Ia mengaitkan pergeseran ini dengan beberapa faktor, termasuk “penurunan relatif AS dalam total output dan kebangkitan China dan lainnya... penyebaran mata uang digital... dan penyalahgunaan dolar AS oleh AS sebagai instrumen untuk penegakan sanksi.”
Dalam tatanan yang sedang muncul ini, Sachs membayangkan “IMF yang berpusat di berbagai wilayah dunia.” Ia menambahkan, “Agar IMF terus berfungsi secara efektif, ia harus mendapatkan kepercayaan dari anggotanya — dan itu berarti tidak bisa lagi AS yang memegang kendali seperti saat ini.”
Kerja sama regional di atas rivalitas
Bagi Sachs, jalan ke depan terletak pada pendalaman kerja sama regional. “Tetangga adalah negara-negara yang dengannya Anda berdagang. Tetangga berbagi sungai. Tetangga berbagi ekosistem. Tetangga memperdagangkan energi terbarukan dengan lebih efektif, dan ada banyak alasan bagi tetangga untuk saling berhubungan baik,” katanya.

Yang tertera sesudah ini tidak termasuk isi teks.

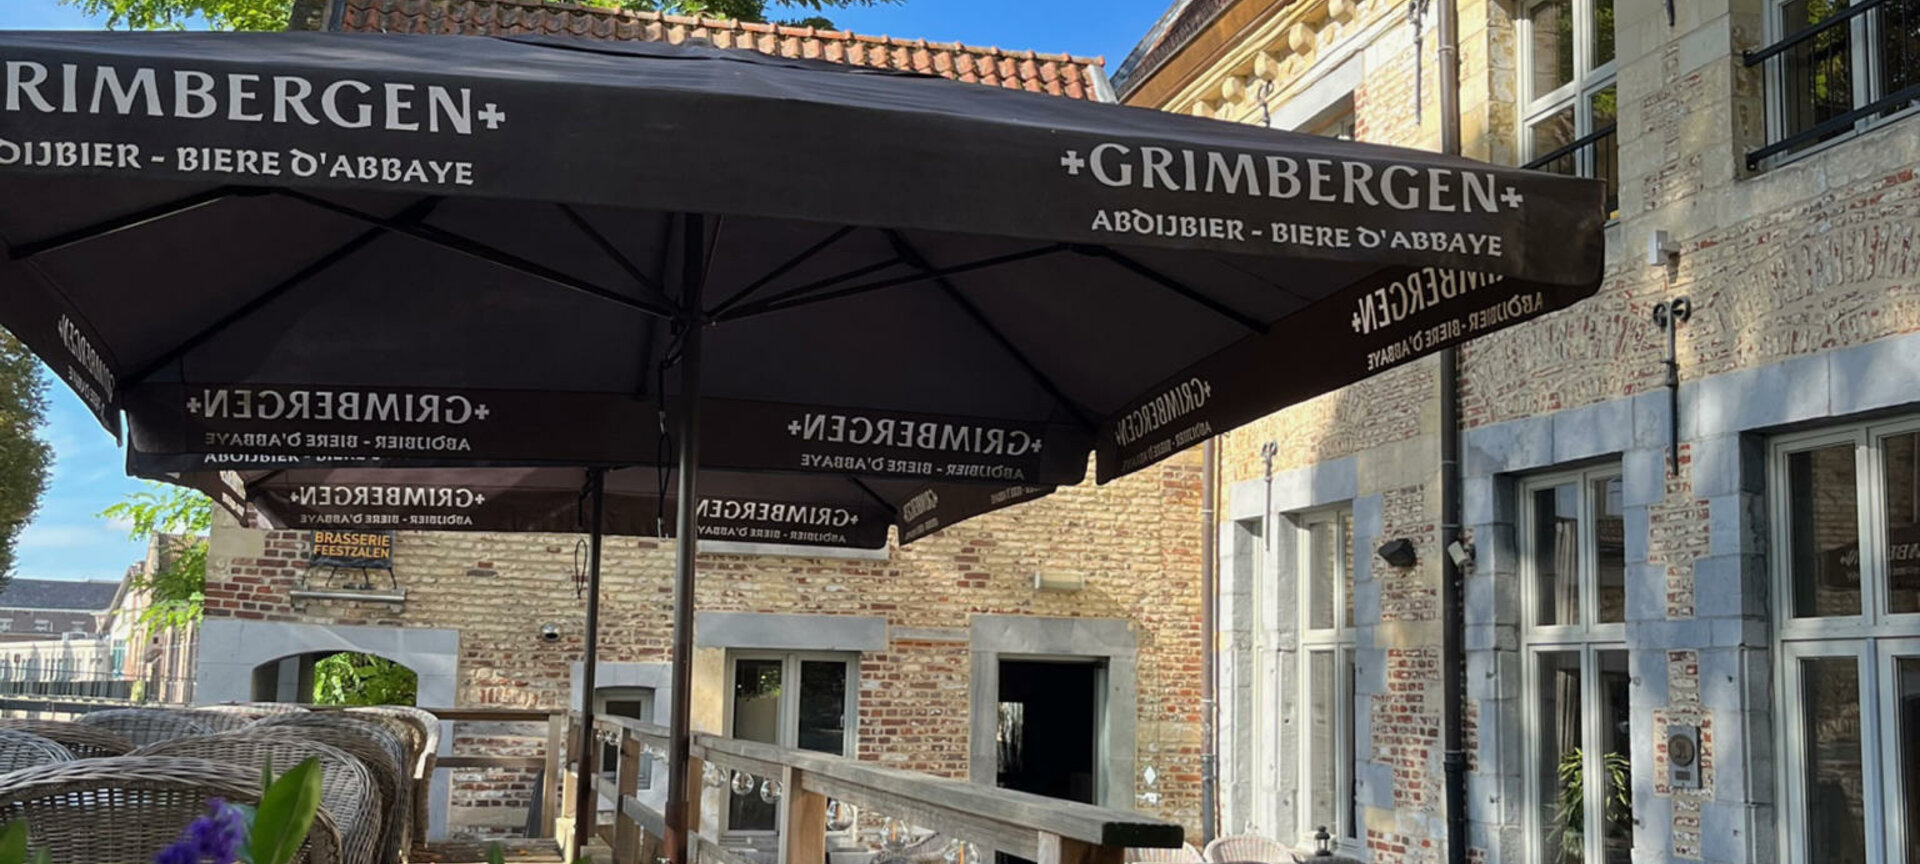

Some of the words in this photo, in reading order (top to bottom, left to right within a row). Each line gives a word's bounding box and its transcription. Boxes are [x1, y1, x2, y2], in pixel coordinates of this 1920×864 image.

[5, 60, 472, 134] RIMBERGEN
[177, 146, 281, 176] BIERE
[291, 148, 475, 185] D'ABBAYE
[1089, 142, 1500, 213] GRIMBERGEN
[1091, 208, 1245, 242] ABDIJBIER
[1271, 223, 1352, 249] BIERE
[1357, 226, 1503, 256] D'ABBAYE
[313, 544, 390, 559] FEESTZALEN
[314, 531, 391, 547] BRASSERIE

Namun, ia memperingatkan bahwa “kekuatan besar sering kali memicu perpecahan... mentalitas pecah belah dan kuasai yang merugikan dari kekuatan besar.” Washington, klaimnya, “sering memainkan permainan itu, mencoba mengadu negara-negara dalam suatu kawasan satu sama lain untuk mempertahankan pijakan di kawasan tersebut.”
Seruan Sachs untuk “PBB 2.0” pada intinya adalah permohonan untuk legitimasi dan keadilan dalam tata kelola global. “Ketika PBB didirikan, isu-isu lingkungan bahkan belum diakui sebagai masalah... Ada banyak hal yang perlu diubah. Kita membutuhkan pembaruan untuk abad ke-21 — sebuah PBB 2.0,” ia mengimbau.
Menurutnya, reformasi tersebut harus mencerminkan realitas politik, ekonomi, dan moral dari dunia yang tidak lagi didominasi oleh satu blok kekuatan. “Kita seharusnya mendengar banyak suara,” kata Sachs. “Tetapi kita terutama harus bertujuan pada kerja sama regional dan kerja sama lintas kawasan.”